The excitement in the children’s lives comes from the visits by “Madame,” who examines their artwork and selects the items she thinks are the best for her gallery, and even more on the rare opportunities they have to buy trinkets with the tokens they are given for good behavior. They are very happy when they hear they are getting a “bumper crop” and enjoy their treasures but to our eyes the items look like garage sale cast-offs. These are not poor children; they attend school in an almost-idyllic countryside setting. But they do not seem to have anything.

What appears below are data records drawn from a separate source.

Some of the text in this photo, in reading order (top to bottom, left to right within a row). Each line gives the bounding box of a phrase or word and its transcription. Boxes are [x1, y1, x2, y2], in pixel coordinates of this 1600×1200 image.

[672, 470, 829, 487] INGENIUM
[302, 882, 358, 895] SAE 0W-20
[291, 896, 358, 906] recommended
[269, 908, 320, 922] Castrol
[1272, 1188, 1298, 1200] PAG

Just once, a teacher tells them the truth, and then she is fired. SPOILER ALERT: the secret not fully revealed until the end of the book is disclosed much earlier in the movie so I am going to include it here. If you don’t want to know, skip this paragraph. The fate of these children has already been decided. They have been bred for use as spare parts. They are to be kept healthy and happy like farm animals until, in their 20’s, they will become “donors.” And after three or four “donations,” they will “complete.” Their purpose is to give of themselves literally and ultimately to keep others alive.

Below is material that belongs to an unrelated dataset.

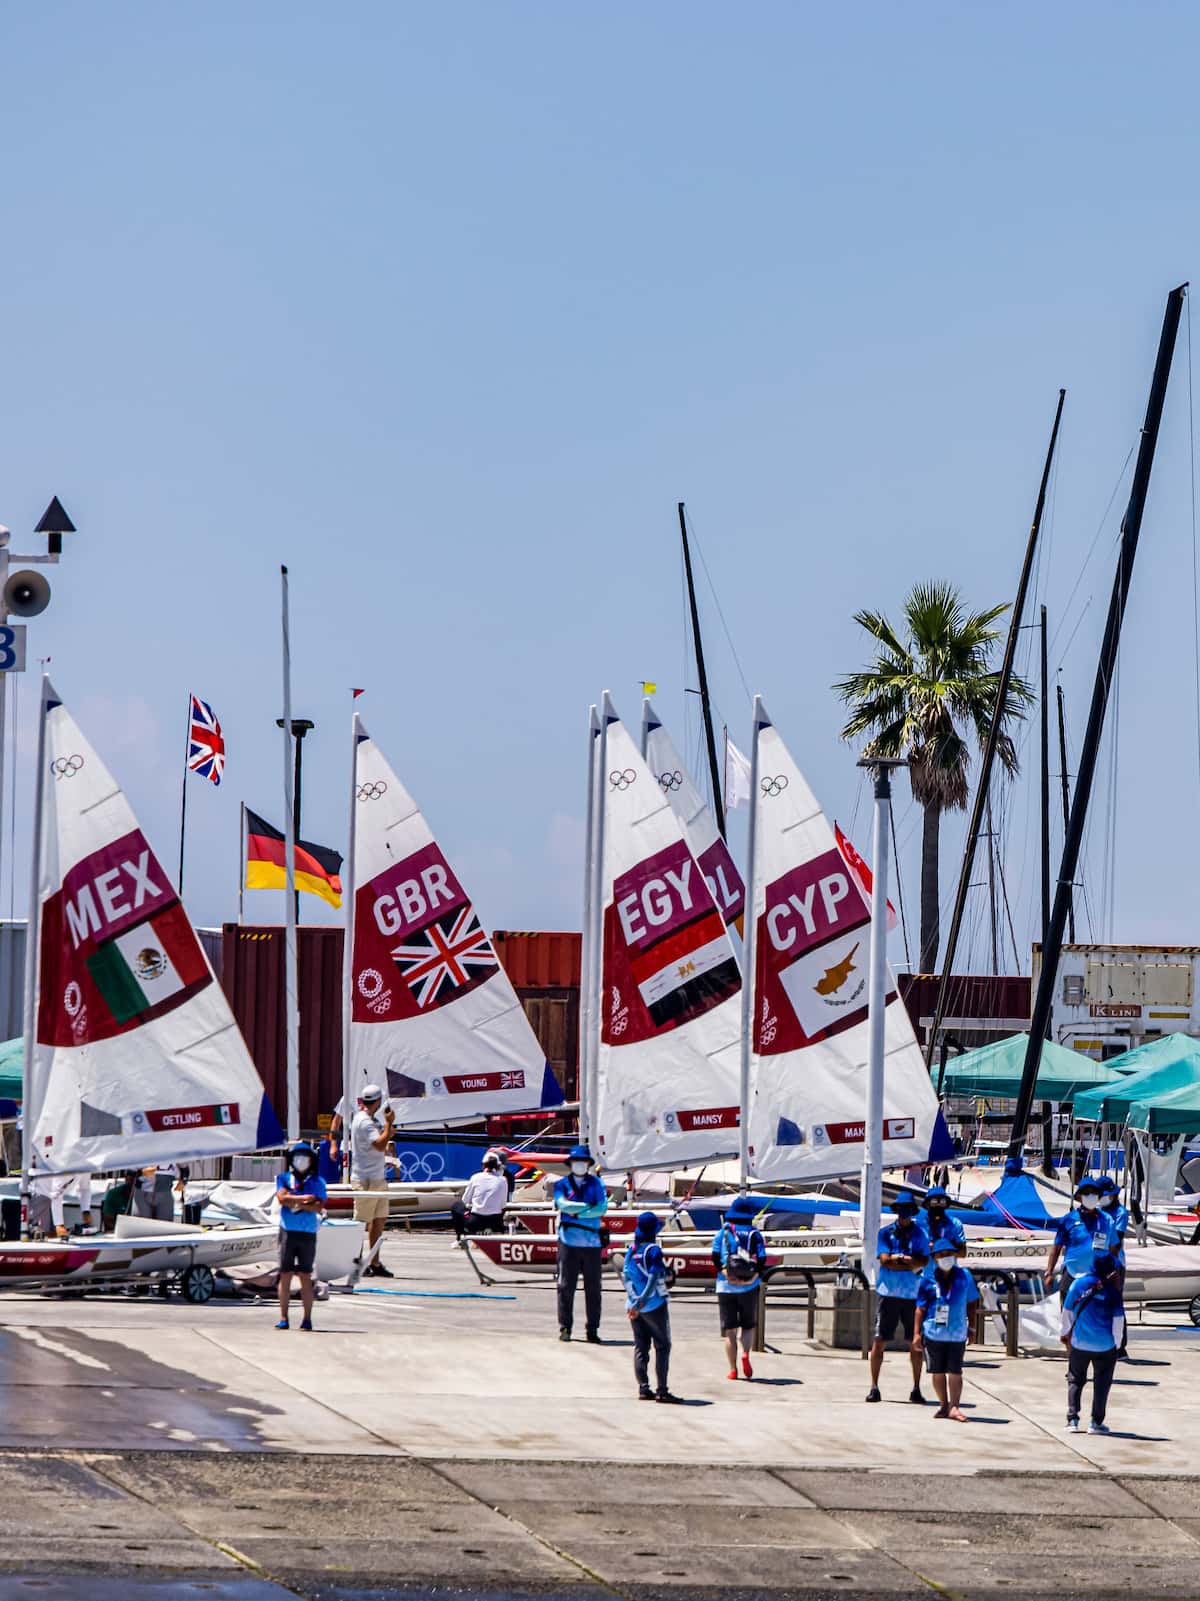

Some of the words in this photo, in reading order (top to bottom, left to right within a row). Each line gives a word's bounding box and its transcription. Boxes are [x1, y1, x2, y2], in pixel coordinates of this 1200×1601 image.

Director Mark Romanek (“One Hour Photo”) understands that just as “Rosemary’s Baby” tapped into a whole new category of dread by putting a Gothic story in modern Manhattan, giving us an alternate reality that seems so familiar to us is eerie and unnerving. It is not familiar through experience, set in the recent past. But it is also familiar through movies. The accents and Hailsham setting lull us into a Merchant-Ivory/Masterpiece Theater civilized world of tea being served at four. The fact that the truest horror happens off screen is haunting. When the headmistress says, “We were answering questions no one wanted asked,” it is as devastating as any gory attack by zombies or aliens. When the characters show their humanity by hoping for a better outcome, we see how much has been taken from them because they have no idea of how to insist on it.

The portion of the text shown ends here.